Re: Force Google Account Selection on every login

We have an issue similar to the one linked above. In our case, we have configured Google IdP via SAMLv2.

When a user starts the sign-in flow, Google's AccountChooser pops up, the user selects one account and finishes the sign-in flow without issues. The second time the user signs in, the account chooser does not appear, so there is no way to select another account.

We use the idp_hint param to skip the FusionAuth sign-in page and go straight to Google's AccountChooser. We tried login_hint and prompt=select_account to the OAuth authorization URL without success.

Is there a way to force Google account selection via SAMLv2?

Any suggestions are welcome, thanks in advance!

dan · 5 May 2023, 14:12

@nico-ayala

Thanks for using FusionAuth!

I don't believe there's a way to pass prompt=select_account through the SAMLv2 process.

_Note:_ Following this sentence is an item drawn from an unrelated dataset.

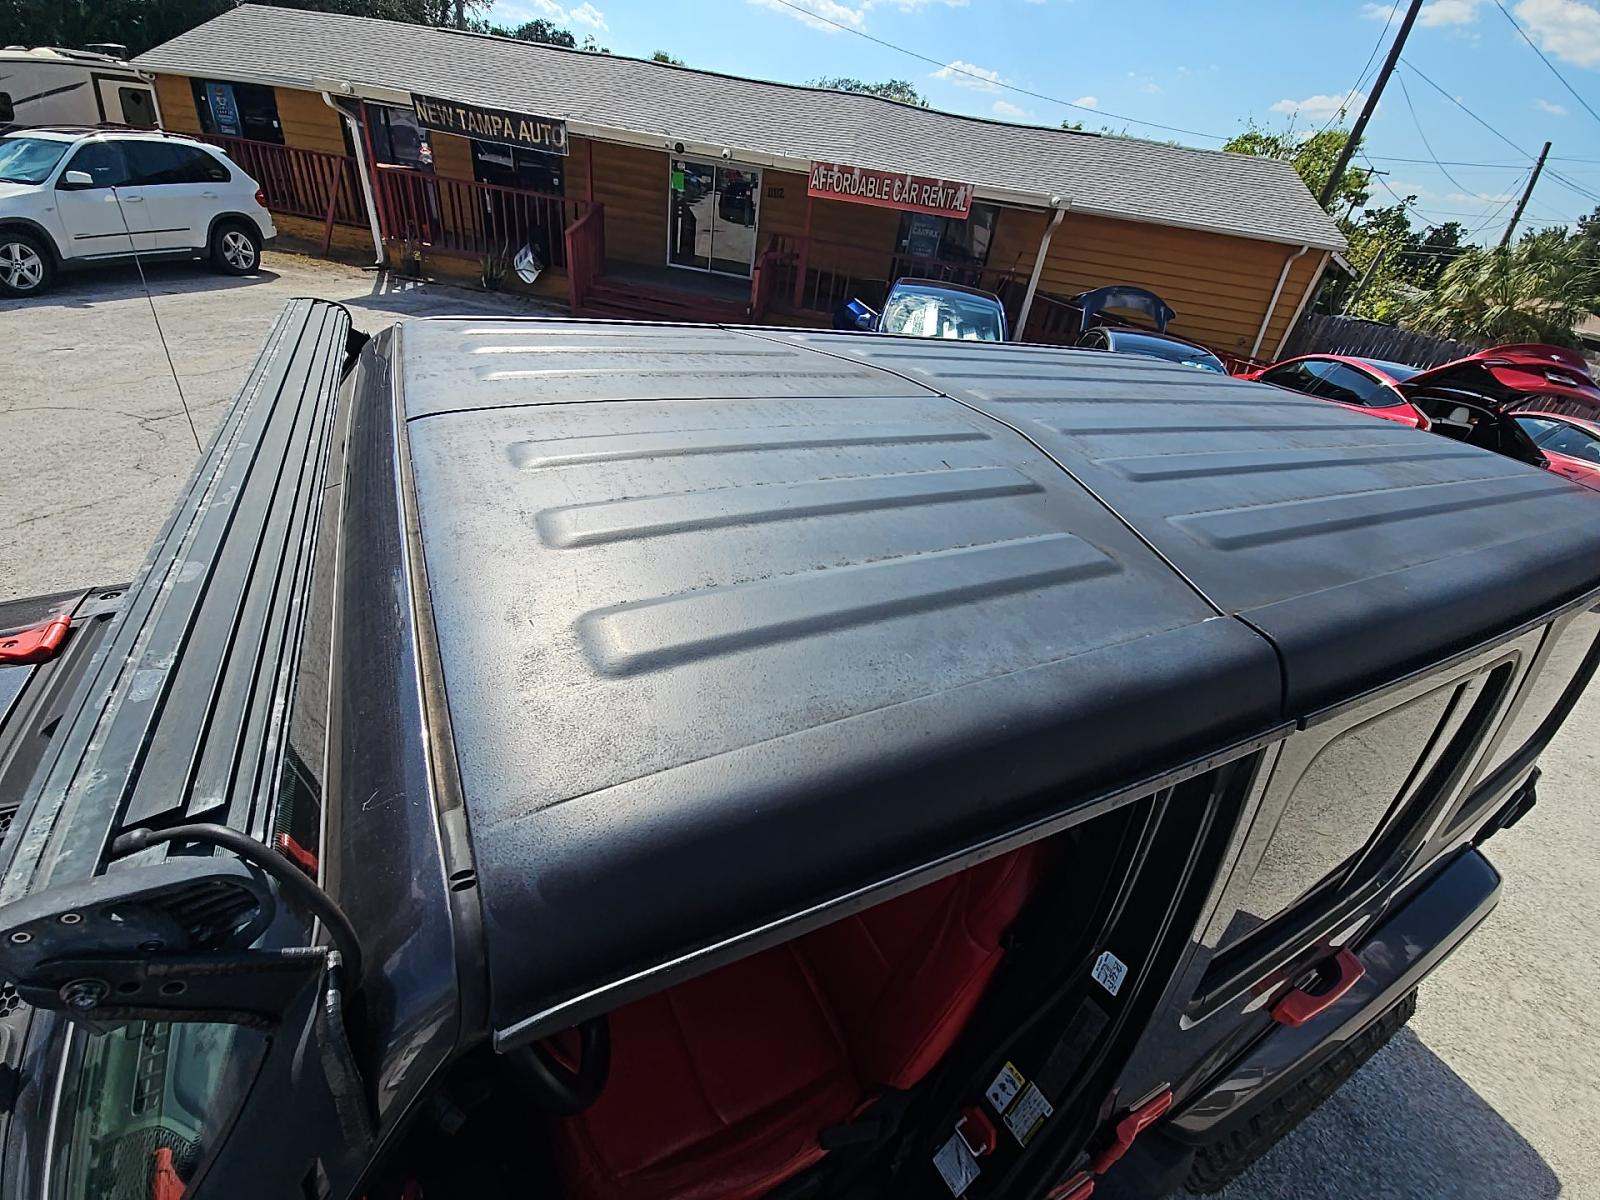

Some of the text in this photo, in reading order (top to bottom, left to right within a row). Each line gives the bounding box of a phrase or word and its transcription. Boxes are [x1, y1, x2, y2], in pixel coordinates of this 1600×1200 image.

[415, 101, 566, 147] NEW TAMPA AUTO
[811, 168, 967, 212] AFFORDABLE CAR RENTAL

Since you are (I think) using Google as a SP, is there any reason you can't use the OIDC integration instead?

Dan

nico.ayala · 5 May 2023, 14:12

@dan I would need to explore what the requirements are to have an OIDC integration instead. This change might also require bothering customers with more configuration on their side.

Thanks for the help!

dan · 18 May 2023, 00:48

@nico-ayala Makes sense. We have some documentation here: https://fusionauth.io/docs/v1/tech/identity-providers/google#custom-parameters

Though that is for setting up an OIDC provider in FusionAuth, it might be somewhat helpful.